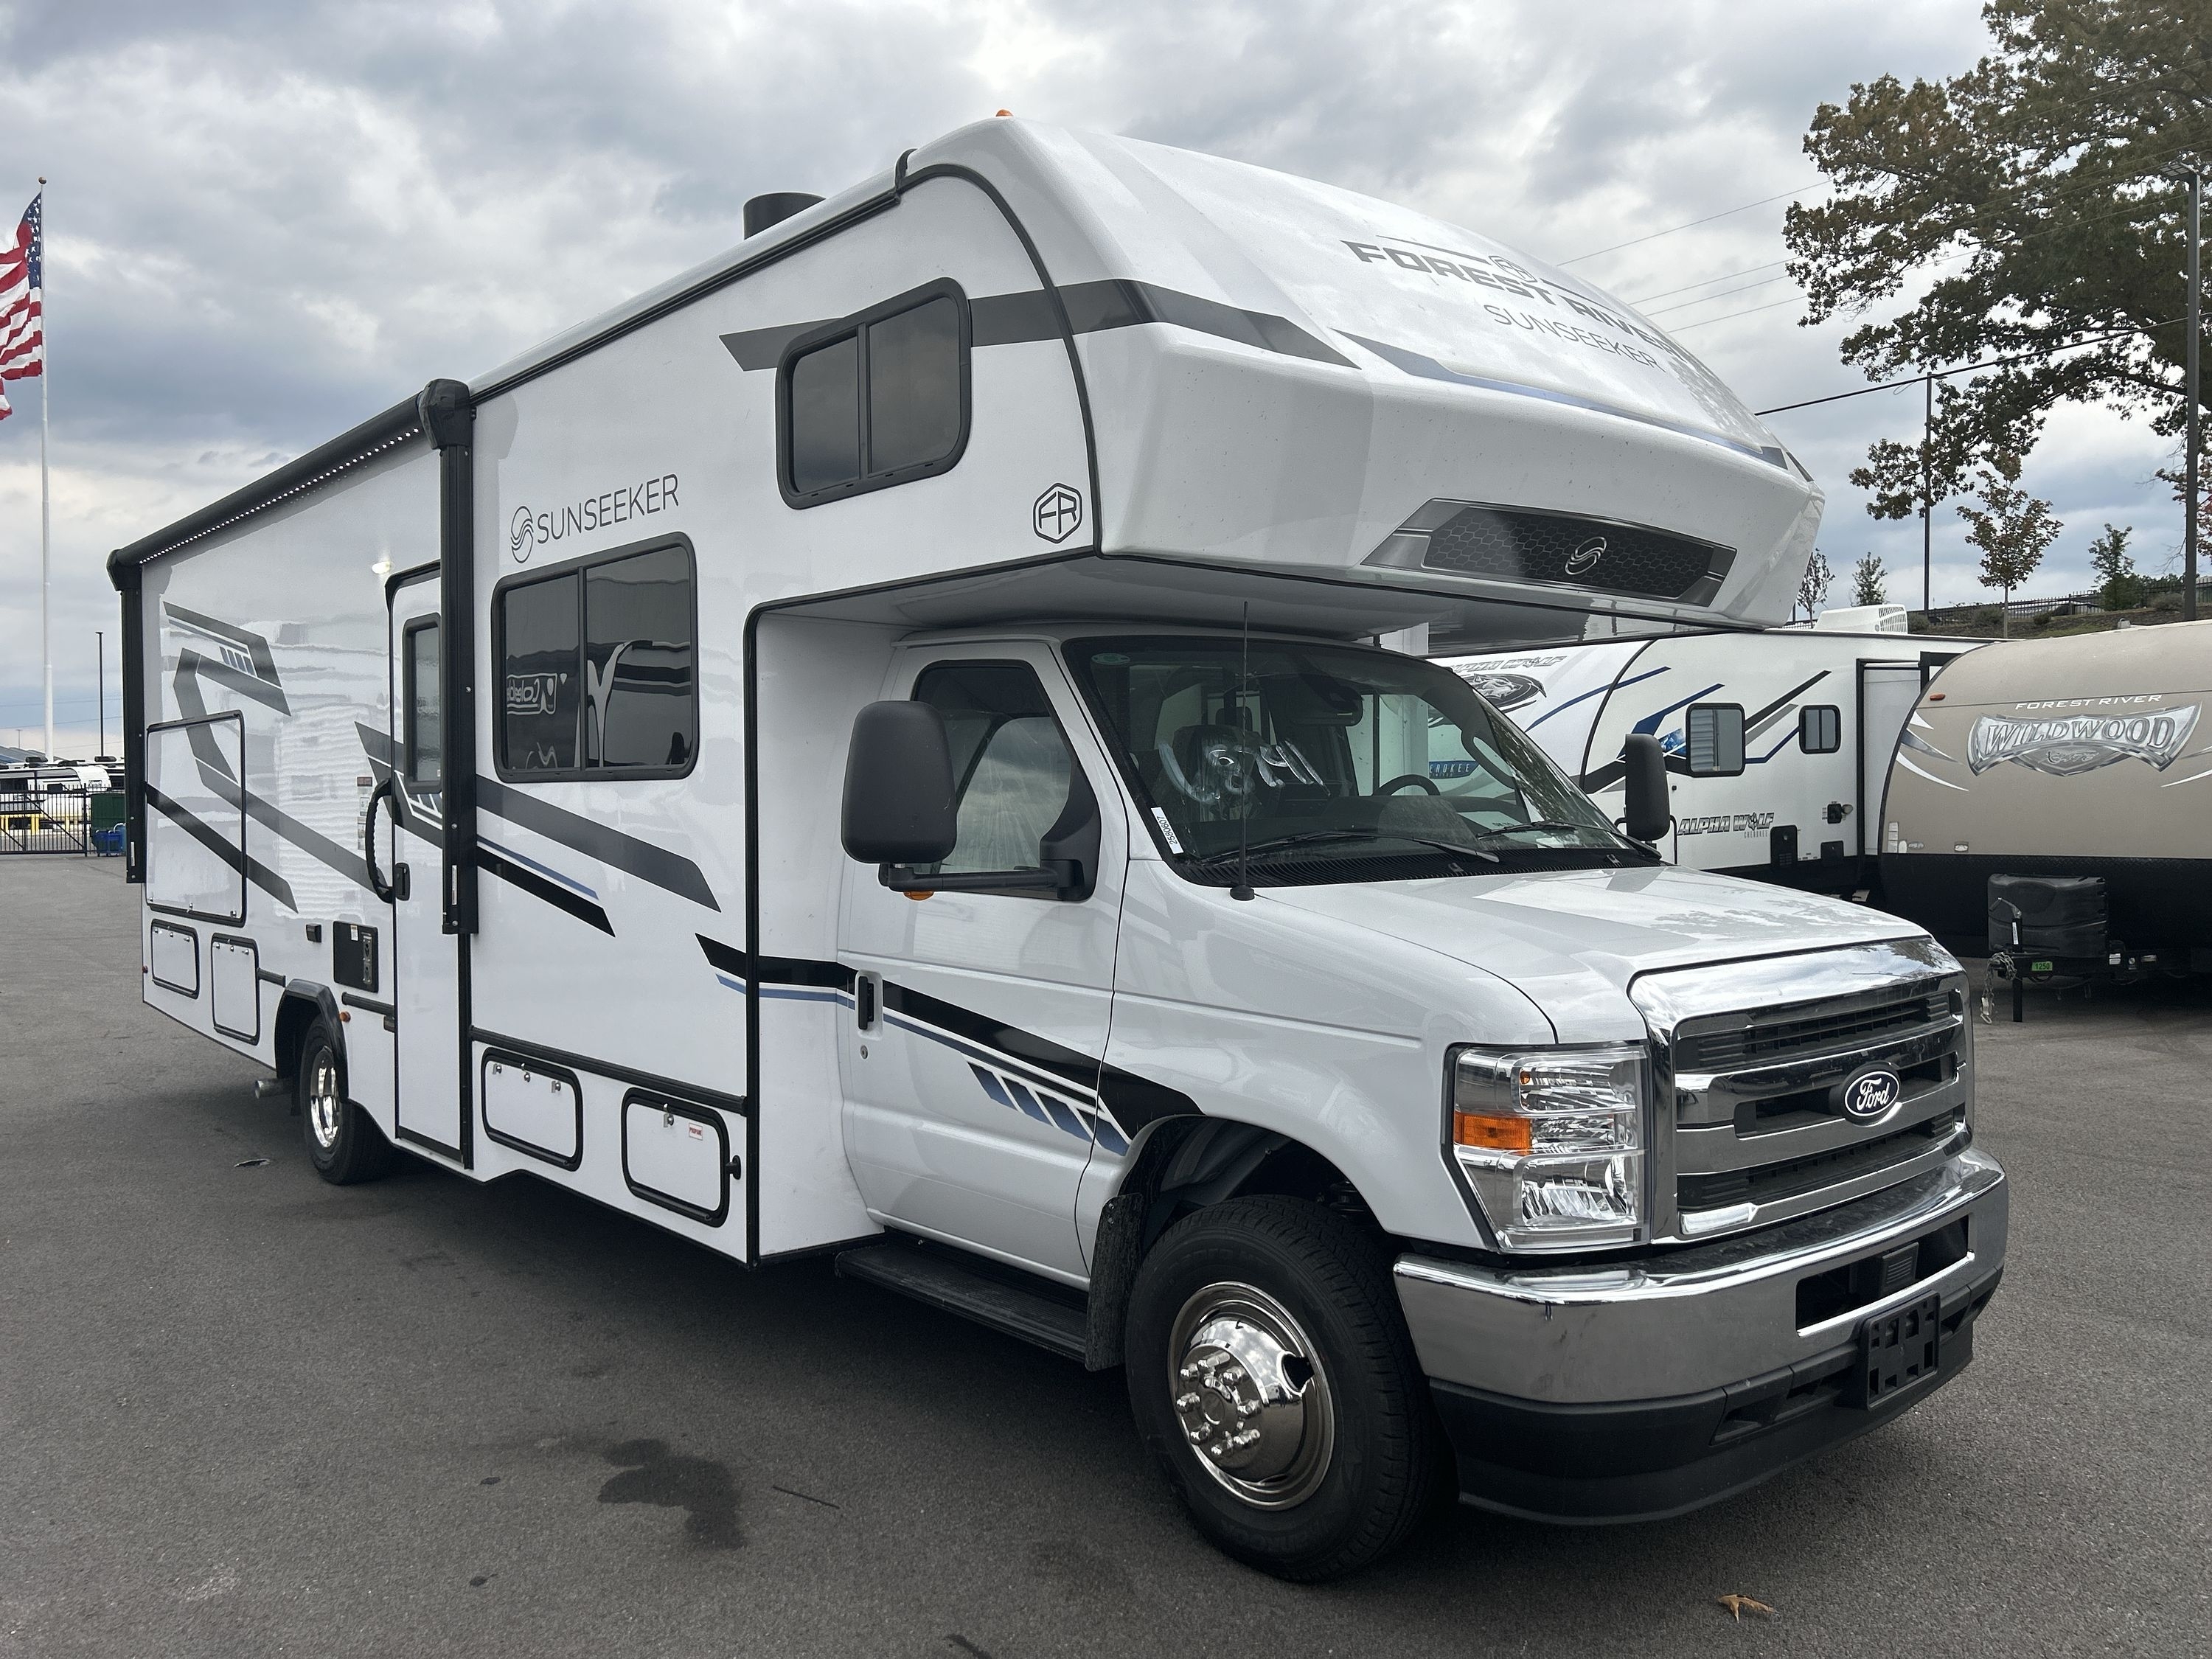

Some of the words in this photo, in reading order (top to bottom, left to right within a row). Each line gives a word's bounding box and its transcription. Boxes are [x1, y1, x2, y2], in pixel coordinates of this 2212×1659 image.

[1340, 240, 1557, 305] FOREST
[1557, 294, 1687, 363] RIVER
[1484, 305, 1666, 372] SUNSEEKER
[538, 473, 679, 544] SUNSEEKER
[2015, 699, 2095, 710] FOREST
[2098, 695, 2162, 705] RIVER
[1986, 717, 2175, 755] WILDWOOD
[1430, 763, 1470, 773] EROKEE
[1156, 816, 1178, 845] 2580607
[1677, 815, 1730, 835] ALPHA
[1857, 1078, 1890, 1110] Ford
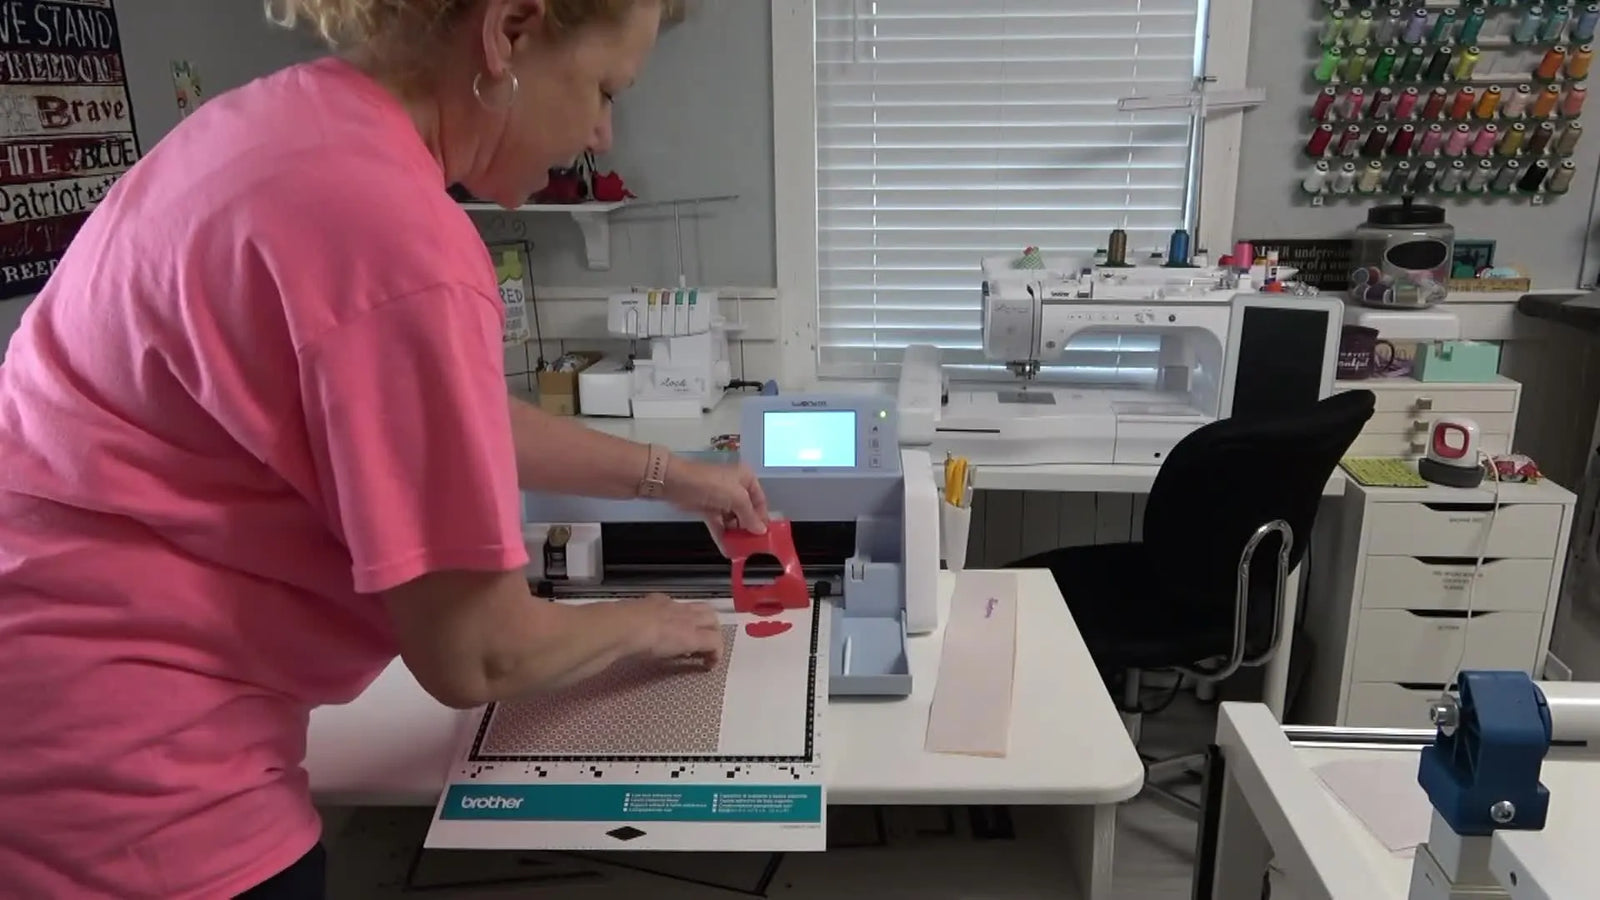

Work task> What you return should match the material line for line, with the images removed.

Answer for the task>
Some of the words in this photo, in reading order (top to bottom, left to right within a row). Each line gives a word's bounding box and its transcription. Boxes are [x1, y1, x2, y2], in pixel coordinates of this 2212×1659 image.

[1340, 240, 1557, 305] FOREST
[1557, 294, 1687, 363] RIVER
[1484, 305, 1666, 372] SUNSEEKER
[538, 473, 679, 544] SUNSEEKER
[2015, 699, 2095, 710] FOREST
[2098, 695, 2162, 705] RIVER
[1986, 717, 2175, 755] WILDWOOD
[1430, 763, 1470, 773] EROKEE
[1156, 816, 1178, 845] 2580607
[1677, 815, 1730, 835] ALPHA
[1857, 1078, 1890, 1110] Ford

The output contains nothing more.